## PROBLEM REQUIREMENTS
Find every line in the records below that holds the word "Specskare", and copy each one.

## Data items
▼

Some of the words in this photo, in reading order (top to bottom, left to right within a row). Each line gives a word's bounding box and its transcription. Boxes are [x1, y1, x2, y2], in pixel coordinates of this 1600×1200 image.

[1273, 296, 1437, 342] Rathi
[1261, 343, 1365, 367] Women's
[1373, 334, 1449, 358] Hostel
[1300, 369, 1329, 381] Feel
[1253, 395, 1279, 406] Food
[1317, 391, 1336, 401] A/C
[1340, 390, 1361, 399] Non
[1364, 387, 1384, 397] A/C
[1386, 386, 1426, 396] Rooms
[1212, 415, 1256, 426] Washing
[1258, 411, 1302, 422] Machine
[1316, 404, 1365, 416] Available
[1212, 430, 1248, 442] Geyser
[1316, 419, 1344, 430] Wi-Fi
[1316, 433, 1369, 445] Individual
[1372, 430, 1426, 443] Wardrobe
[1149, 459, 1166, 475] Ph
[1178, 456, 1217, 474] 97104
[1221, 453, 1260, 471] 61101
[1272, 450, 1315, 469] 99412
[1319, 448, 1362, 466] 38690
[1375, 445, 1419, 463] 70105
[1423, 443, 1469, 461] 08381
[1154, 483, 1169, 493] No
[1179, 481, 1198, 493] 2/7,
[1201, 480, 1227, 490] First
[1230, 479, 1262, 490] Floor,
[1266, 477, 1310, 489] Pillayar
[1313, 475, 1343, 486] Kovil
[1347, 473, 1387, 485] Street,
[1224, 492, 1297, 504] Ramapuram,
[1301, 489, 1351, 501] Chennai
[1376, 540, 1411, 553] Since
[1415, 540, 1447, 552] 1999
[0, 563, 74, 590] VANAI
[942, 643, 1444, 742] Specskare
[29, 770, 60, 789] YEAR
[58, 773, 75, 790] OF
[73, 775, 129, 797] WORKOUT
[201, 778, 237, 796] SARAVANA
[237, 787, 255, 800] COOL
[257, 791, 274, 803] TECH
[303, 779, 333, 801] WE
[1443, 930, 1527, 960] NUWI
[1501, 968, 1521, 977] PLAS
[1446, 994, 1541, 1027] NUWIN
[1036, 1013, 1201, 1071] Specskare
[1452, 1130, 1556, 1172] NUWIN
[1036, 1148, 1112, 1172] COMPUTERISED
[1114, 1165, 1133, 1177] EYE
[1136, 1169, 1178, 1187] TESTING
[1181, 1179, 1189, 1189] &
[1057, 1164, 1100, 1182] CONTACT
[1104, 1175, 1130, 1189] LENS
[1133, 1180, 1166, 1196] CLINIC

▲

## RESULT FOR THIS TASK
[942, 643, 1444, 742] Specskare
[1036, 1013, 1201, 1071] Specskare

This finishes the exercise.